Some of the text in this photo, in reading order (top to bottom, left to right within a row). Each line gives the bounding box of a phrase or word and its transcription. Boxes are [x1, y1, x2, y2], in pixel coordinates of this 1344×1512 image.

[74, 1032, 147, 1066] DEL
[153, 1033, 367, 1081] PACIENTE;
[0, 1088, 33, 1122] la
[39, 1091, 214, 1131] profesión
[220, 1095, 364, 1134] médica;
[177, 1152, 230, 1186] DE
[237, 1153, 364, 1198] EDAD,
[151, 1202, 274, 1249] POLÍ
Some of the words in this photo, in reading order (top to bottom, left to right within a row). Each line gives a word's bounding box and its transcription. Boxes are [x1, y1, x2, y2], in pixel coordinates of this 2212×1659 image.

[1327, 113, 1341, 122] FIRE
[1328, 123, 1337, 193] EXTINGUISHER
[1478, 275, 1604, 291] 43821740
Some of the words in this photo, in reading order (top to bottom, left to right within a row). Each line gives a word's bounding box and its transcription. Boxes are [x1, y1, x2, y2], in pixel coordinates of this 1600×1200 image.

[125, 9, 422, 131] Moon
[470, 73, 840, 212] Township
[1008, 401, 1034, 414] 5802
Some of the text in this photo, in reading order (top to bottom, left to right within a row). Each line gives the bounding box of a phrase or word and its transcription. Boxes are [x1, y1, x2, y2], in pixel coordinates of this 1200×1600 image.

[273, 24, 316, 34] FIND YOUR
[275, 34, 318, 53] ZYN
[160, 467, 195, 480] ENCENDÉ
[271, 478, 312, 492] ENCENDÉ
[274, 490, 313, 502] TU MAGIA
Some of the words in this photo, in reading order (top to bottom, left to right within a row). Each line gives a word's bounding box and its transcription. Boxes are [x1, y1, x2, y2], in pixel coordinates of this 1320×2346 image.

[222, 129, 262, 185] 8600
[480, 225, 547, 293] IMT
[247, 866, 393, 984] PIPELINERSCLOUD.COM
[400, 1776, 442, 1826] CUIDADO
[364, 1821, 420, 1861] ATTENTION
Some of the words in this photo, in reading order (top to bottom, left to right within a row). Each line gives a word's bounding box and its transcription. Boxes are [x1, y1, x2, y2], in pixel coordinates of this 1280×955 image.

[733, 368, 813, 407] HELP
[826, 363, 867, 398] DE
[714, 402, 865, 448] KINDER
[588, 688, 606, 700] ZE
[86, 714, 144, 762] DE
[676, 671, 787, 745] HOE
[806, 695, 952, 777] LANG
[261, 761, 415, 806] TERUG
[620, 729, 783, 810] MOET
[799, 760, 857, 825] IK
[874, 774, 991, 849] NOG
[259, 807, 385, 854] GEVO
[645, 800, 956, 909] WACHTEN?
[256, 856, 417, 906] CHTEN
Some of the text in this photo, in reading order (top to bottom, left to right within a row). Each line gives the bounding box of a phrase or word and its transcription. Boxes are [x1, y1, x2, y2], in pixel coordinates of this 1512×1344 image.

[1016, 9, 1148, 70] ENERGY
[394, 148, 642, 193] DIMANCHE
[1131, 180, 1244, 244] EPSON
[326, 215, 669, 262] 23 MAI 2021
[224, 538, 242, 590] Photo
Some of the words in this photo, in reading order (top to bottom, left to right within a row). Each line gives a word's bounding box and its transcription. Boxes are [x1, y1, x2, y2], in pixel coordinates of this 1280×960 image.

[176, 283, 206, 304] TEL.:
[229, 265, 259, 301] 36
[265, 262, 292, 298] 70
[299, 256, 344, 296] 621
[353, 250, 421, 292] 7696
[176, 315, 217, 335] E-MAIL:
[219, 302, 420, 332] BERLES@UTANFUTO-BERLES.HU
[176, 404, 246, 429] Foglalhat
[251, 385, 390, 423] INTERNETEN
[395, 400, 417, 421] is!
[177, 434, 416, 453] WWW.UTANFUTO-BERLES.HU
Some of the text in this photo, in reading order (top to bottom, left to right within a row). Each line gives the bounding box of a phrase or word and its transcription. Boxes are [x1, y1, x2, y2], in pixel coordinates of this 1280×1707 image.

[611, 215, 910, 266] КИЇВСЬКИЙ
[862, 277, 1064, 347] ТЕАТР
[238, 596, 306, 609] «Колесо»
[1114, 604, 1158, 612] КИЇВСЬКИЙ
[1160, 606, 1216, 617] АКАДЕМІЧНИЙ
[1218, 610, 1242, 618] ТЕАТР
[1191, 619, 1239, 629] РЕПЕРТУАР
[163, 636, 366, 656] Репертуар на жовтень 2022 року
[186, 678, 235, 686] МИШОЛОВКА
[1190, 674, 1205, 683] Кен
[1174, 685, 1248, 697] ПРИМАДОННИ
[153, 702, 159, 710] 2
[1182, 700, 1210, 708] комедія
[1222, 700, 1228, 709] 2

##############################

=== TASK ITEM ===
Repeat the listing above exactly. Add nothing.

=== YOUR SOLUTION ===
Some of the text in this photo, in reading order (top to bottom, left to right within a row). Each line gives the bounding box of a phrase or word and its transcription. Boxes are [x1, y1, x2, y2], in pixel coordinates of this 1344×1512 image.

[74, 1032, 147, 1066] DEL
[153, 1033, 367, 1081] PACIENTE;
[0, 1088, 33, 1122] la
[39, 1091, 214, 1131] profesión
[220, 1095, 364, 1134] médica;
[177, 1152, 230, 1186] DE
[237, 1153, 364, 1198] EDAD,
[151, 1202, 274, 1249] POLÍ
Some of the words in this photo, in reading order (top to bottom, left to right within a row). Each line gives a word's bounding box and its transcription. Boxes are [x1, y1, x2, y2], in pixel coordinates of this 2212×1659 image.

[1327, 113, 1341, 122] FIRE
[1328, 123, 1337, 193] EXTINGUISHER
[1478, 275, 1604, 291] 43821740
Some of the words in this photo, in reading order (top to bottom, left to right within a row). Each line gives a word's bounding box and its transcription. Boxes are [x1, y1, x2, y2], in pixel coordinates of this 1600×1200 image.

[125, 9, 422, 131] Moon
[470, 73, 840, 212] Township
[1008, 401, 1034, 414] 5802
Some of the text in this photo, in reading order (top to bottom, left to right within a row). Each line gives the bounding box of a phrase or word and its transcription. Boxes are [x1, y1, x2, y2], in pixel coordinates of this 1200×1600 image.

[273, 24, 316, 34] FIND YOUR
[275, 34, 318, 53] ZYN
[160, 467, 195, 480] ENCENDÉ
[271, 478, 312, 492] ENCENDÉ
[274, 490, 313, 502] TU MAGIA
Some of the words in this photo, in reading order (top to bottom, left to right within a row). Each line gives a word's bounding box and its transcription. Boxes are [x1, y1, x2, y2], in pixel coordinates of this 1320×2346 image.

[222, 129, 262, 185] 8600
[480, 225, 547, 293] IMT
[247, 866, 393, 984] PIPELINERSCLOUD.COM
[400, 1776, 442, 1826] CUIDADO
[364, 1821, 420, 1861] ATTENTION
Some of the words in this photo, in reading order (top to bottom, left to right within a row). Each line gives a word's bounding box and its transcription. Boxes are [x1, y1, x2, y2], in pixel coordinates of this 1280×955 image.

[733, 368, 813, 407] HELP
[826, 363, 867, 398] DE
[714, 402, 865, 448] KINDER
[588, 688, 606, 700] ZE
[86, 714, 144, 762] DE
[676, 671, 787, 745] HOE
[806, 695, 952, 777] LANG
[261, 761, 415, 806] TERUG
[620, 729, 783, 810] MOET
[799, 760, 857, 825] IK
[874, 774, 991, 849] NOG
[259, 807, 385, 854] GEVO
[645, 800, 956, 909] WACHTEN?
[256, 856, 417, 906] CHTEN
Some of the text in this photo, in reading order (top to bottom, left to right within a row). Each line gives the bounding box of a phrase or word and its transcription. Boxes are [x1, y1, x2, y2], in pixel coordinates of this 1512×1344 image.

[1016, 9, 1148, 70] ENERGY
[394, 148, 642, 193] DIMANCHE
[1131, 180, 1244, 244] EPSON
[326, 215, 669, 262] 23 MAI 2021
[224, 538, 242, 590] Photo
Some of the words in this photo, in reading order (top to bottom, left to right within a row). Each line gives a word's bounding box and its transcription. Boxes are [x1, y1, x2, y2], in pixel coordinates of this 1280×960 image.

[176, 283, 206, 304] TEL.:
[229, 265, 259, 301] 36
[265, 262, 292, 298] 70
[299, 256, 344, 296] 621
[353, 250, 421, 292] 7696
[176, 315, 217, 335] E-MAIL:
[219, 302, 420, 332] BERLES@UTANFUTO-BERLES.HU
[176, 404, 246, 429] Foglalhat
[251, 385, 390, 423] INTERNETEN
[395, 400, 417, 421] is!
[177, 434, 416, 453] WWW.UTANFUTO-BERLES.HU
Some of the text in this photo, in reading order (top to bottom, left to right within a row). Each line gives the bounding box of a phrase or word and its transcription. Boxes are [x1, y1, x2, y2], in pixel coordinates of this 1280×1707 image.

[611, 215, 910, 266] КИЇВСЬКИЙ
[862, 277, 1064, 347] ТЕАТР
[238, 596, 306, 609] «Колесо»
[1114, 604, 1158, 612] КИЇВСЬКИЙ
[1160, 606, 1216, 617] АКАДЕМІЧНИЙ
[1218, 610, 1242, 618] ТЕАТР
[1191, 619, 1239, 629] РЕПЕРТУАР
[163, 636, 366, 656] Репертуар на жовтень 2022 року
[186, 678, 235, 686] МИШОЛОВКА
[1190, 674, 1205, 683] Кен
[1174, 685, 1248, 697] ПРИМАДОННИ
[153, 702, 159, 710] 2
[1182, 700, 1210, 708] комедія
[1222, 700, 1228, 709] 2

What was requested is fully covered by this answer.